Not only that, but another 2020 ABB report produced from their internal special investigation concedes that the company has no evidence of bribes paid to anyone, suffice to implicate people on circumstantial evidence.

“The  probe has been unable to uncover direct evidence of the payment of actual bribes, but circumstantial evidence consistently corroborates the existence of [bribery] schemes and their execution.”

Transcripts and minutes from the internal investigation show how ABB coerced its employees to take the blame in exchange for generous exit settlements and rosy reference letters for future employment elsewhere.

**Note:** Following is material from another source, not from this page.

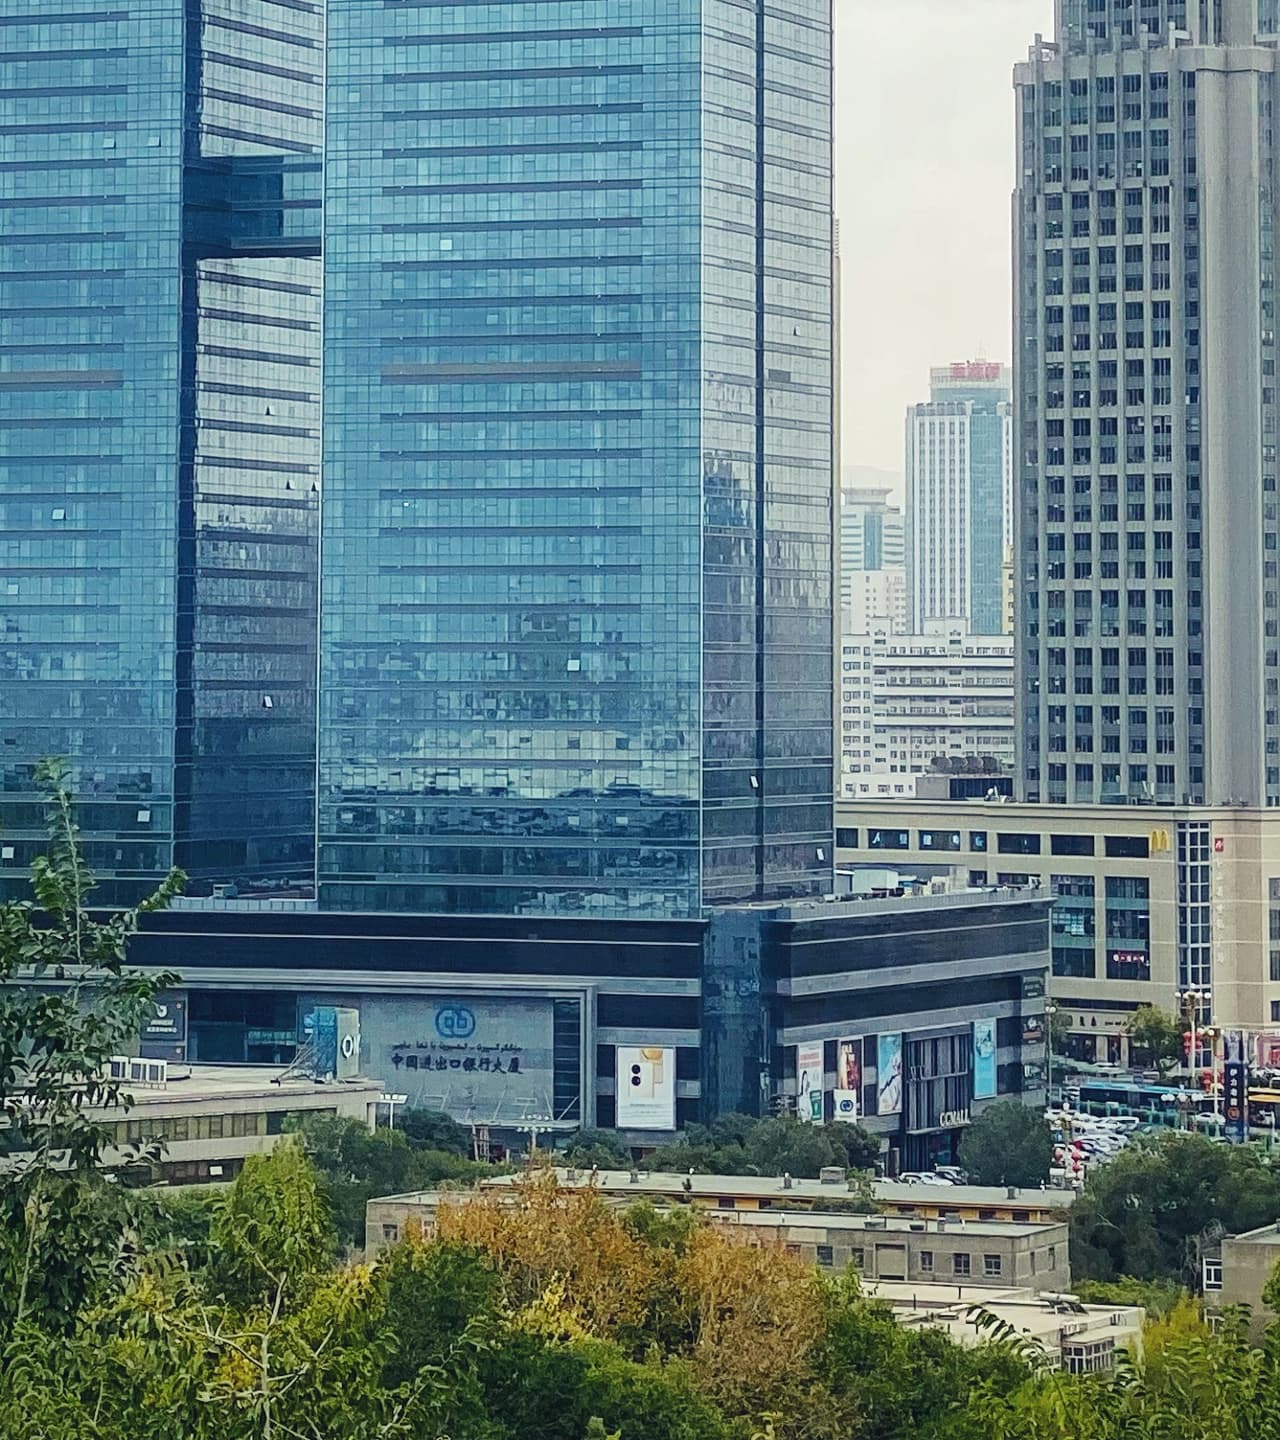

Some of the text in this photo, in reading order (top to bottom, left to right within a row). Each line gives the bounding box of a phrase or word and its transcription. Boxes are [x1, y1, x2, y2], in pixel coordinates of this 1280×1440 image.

[391, 1053, 523, 1074] 中国进出口银行大厦
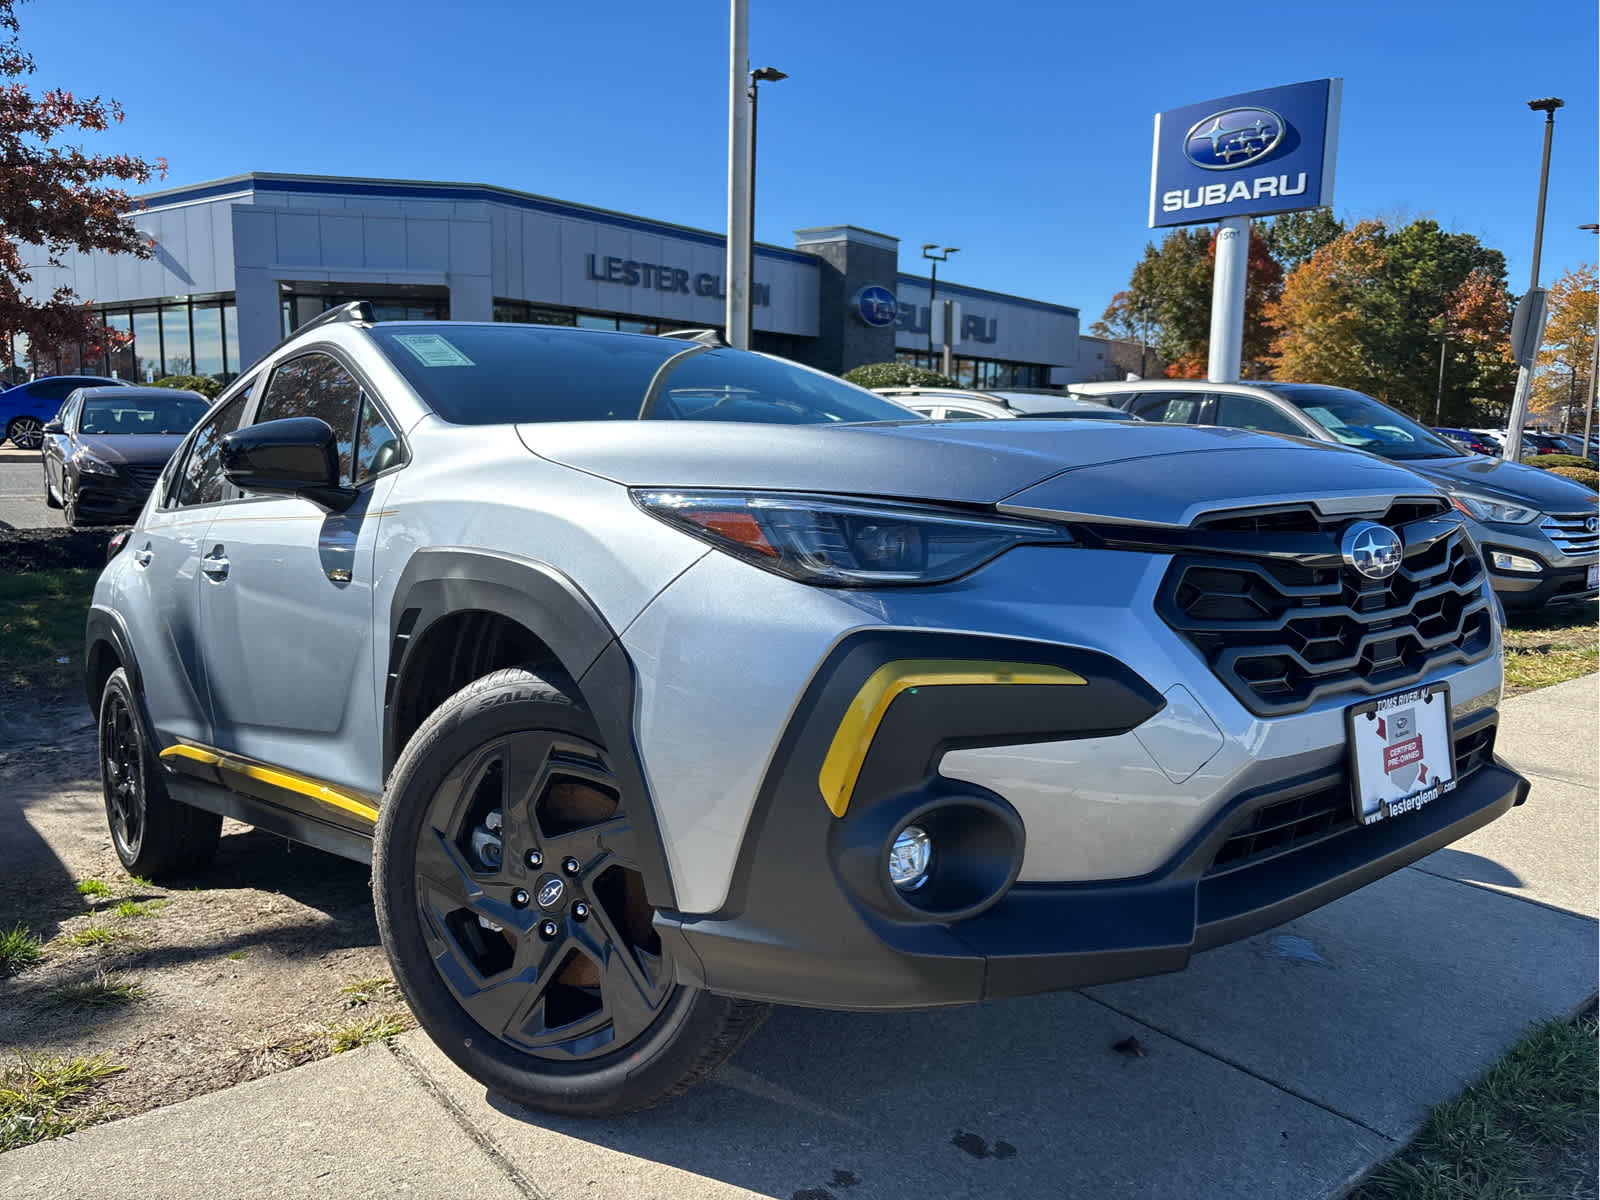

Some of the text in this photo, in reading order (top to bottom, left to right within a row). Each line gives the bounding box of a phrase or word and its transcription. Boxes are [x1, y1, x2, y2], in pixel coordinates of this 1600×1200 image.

In an interview with one of ABB’s former senior managers, Goetz-Dietrich Wolff, it appears that he was being lobbied to throw his colleagues and
Eskom executives under the bus.

The minutes of that interview, under the subhead titled “summary of what had happened on the day”, show that Wolff participated in the exercise  on proviso that ABB guaranteed to secure his future. “Wolff remarked that he would appreciate it if ABB could assist him with finding a job. DZ (Dirk van Zyl, the legal counsel for ABB who headed the process) informed Wolff that ABB was working to assist him with the process, and over and above this, German labour laws will afford him all the protection he requires,” read the minutes.

“Wolff noted that he understands labour laws, however, when one stands in front of a judge in a case of corruption or fraud, he does not think that labour laws can protect him. Wolff remarked that he can give assurances about what we have in some of the emails, and he is willing to put in the work to find others and provide the story around those.

“Van Zyl informed him that there are a lot of processes at play. There is the DoJ (Department of Justice) in the United States and the NPA and SIU in SA. All these entities might actually be communicating, so it is going to be hard to balance out what statements are provided to what authority. We are, however, going to look after him as a witness, and this is clear to everyone.”

Wolff took the deal and is now a state witness in the corruption case that has been preferred against former Eskom executives and their ABB counterparts in their personal capacities.

The executives have been charged with corruption and last appeared in the Specialised Commercial Crimes Court in Middleburg earlier this month.

This newspaper recently reported on the shaky ground on which Wolff’s evidence against former Eskom executive Koko rested. It was marred by contradictions and hearsay.

It has also emerged that Wolff did not take the deal to become a state witness for nothing. Instead, he received the biggest exit package from ABB – more than R12million – when he left in mid-2019, according to an ABB report we have seen.